Bigon:“I nidi per l’infanzia sono un servizio indispensabile per le famiglie: bisogna tornare il prima possibile alla normalità”.

Pubblicato da il 29 giugno 2020

Molti nidi per l’infanzia rischiano di chiudere definitivamente, anziché riaprire. Occorre ripristinare prima possibile la piena operatività con i parametri ‘pre Covid’ e garantire ulteriori risorse, perché le spese di gestione sono diventate insostenibili per troppi.

Le scuole paritarie per la prima infanzia chiedono di tornare in fretta a una situazione di normalità o quasi, sia per il rapporto operatori/bambini sia per la presenza alternata di almeno due educatori per gruppo in modo da garantire l’orario prolungato.
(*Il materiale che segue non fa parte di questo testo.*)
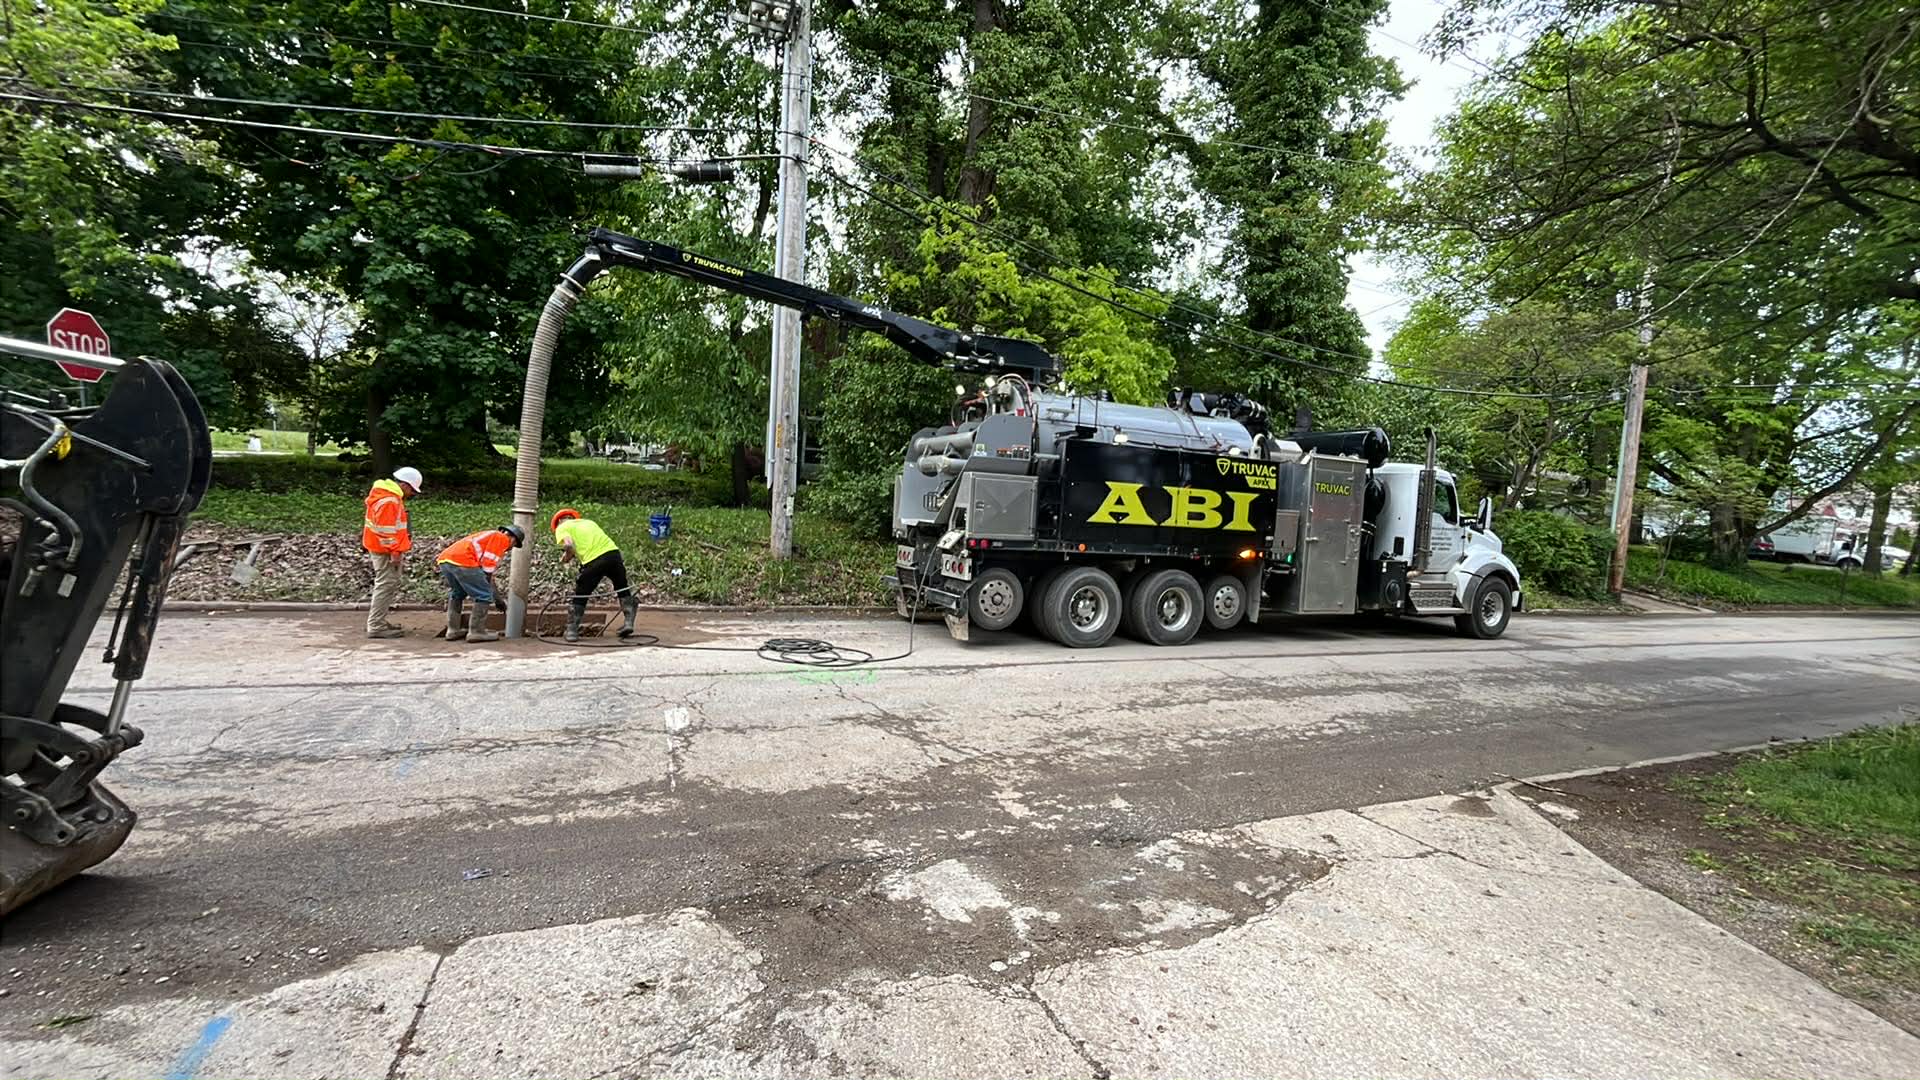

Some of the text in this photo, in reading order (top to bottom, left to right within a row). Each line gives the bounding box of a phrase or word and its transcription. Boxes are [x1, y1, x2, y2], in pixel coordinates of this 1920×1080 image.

Se così non sarà, le richieste di molte famiglie rimarranno senza risposta e, con le minori entrate, i costi di gestione diventeranno impossibili da coprire.
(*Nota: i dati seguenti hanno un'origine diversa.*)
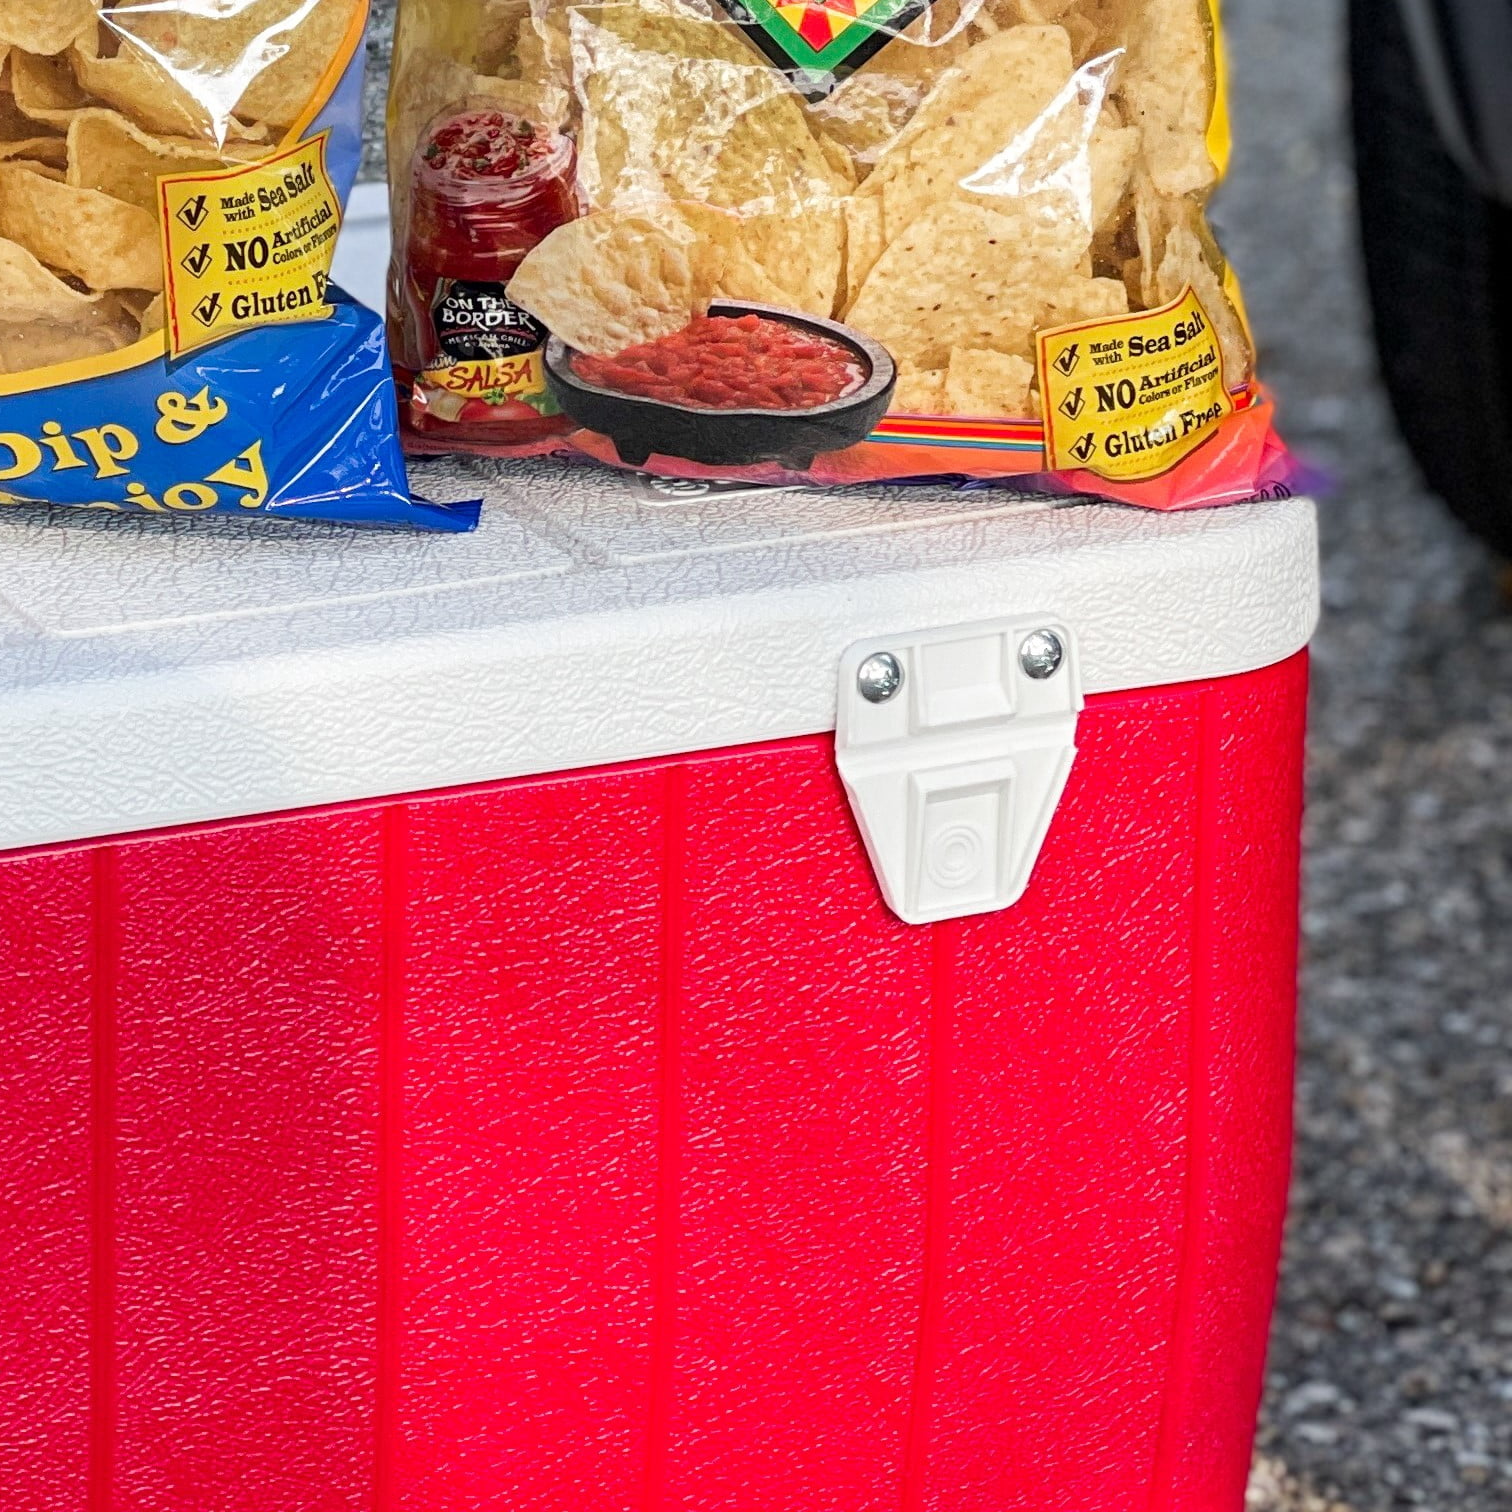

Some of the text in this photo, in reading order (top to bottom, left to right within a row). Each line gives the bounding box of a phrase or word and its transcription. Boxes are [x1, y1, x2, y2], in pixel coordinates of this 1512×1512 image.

[220, 160, 316, 212] Made Sea Salt
[224, 207, 255, 223] with
[224, 201, 333, 272] NO Artificial
[273, 247, 303, 265] Colors
[303, 243, 312, 254] or
[232, 286, 312, 319] Gluten
[442, 309, 536, 331] BORDER
[446, 297, 516, 311] ON THE
[1089, 311, 1206, 357] Made Sea Salt
[447, 359, 532, 391] SALSA
[1092, 351, 1122, 366] with
[1095, 345, 1216, 413] NO Artificial
[1138, 367, 1219, 405] Colors or Flavors
[155, 385, 228, 444] &
[1104, 402, 1223, 458] Gluten Free
Stiamo parlando di un servizio indispensabile per supportare molte famiglie e soprattutto le mamme, a maggior ragione nella fase post emergenziale: le differenze di genere nel mondo del lavoro sono già ampie, non possiamo permettere di allargarle ancora.

Ma per tornare alla normalità è anche necessario stanziare ulteriori risorse: la Regione ha intenzione di farlo oppure si limiterà a battere cassa con Roma?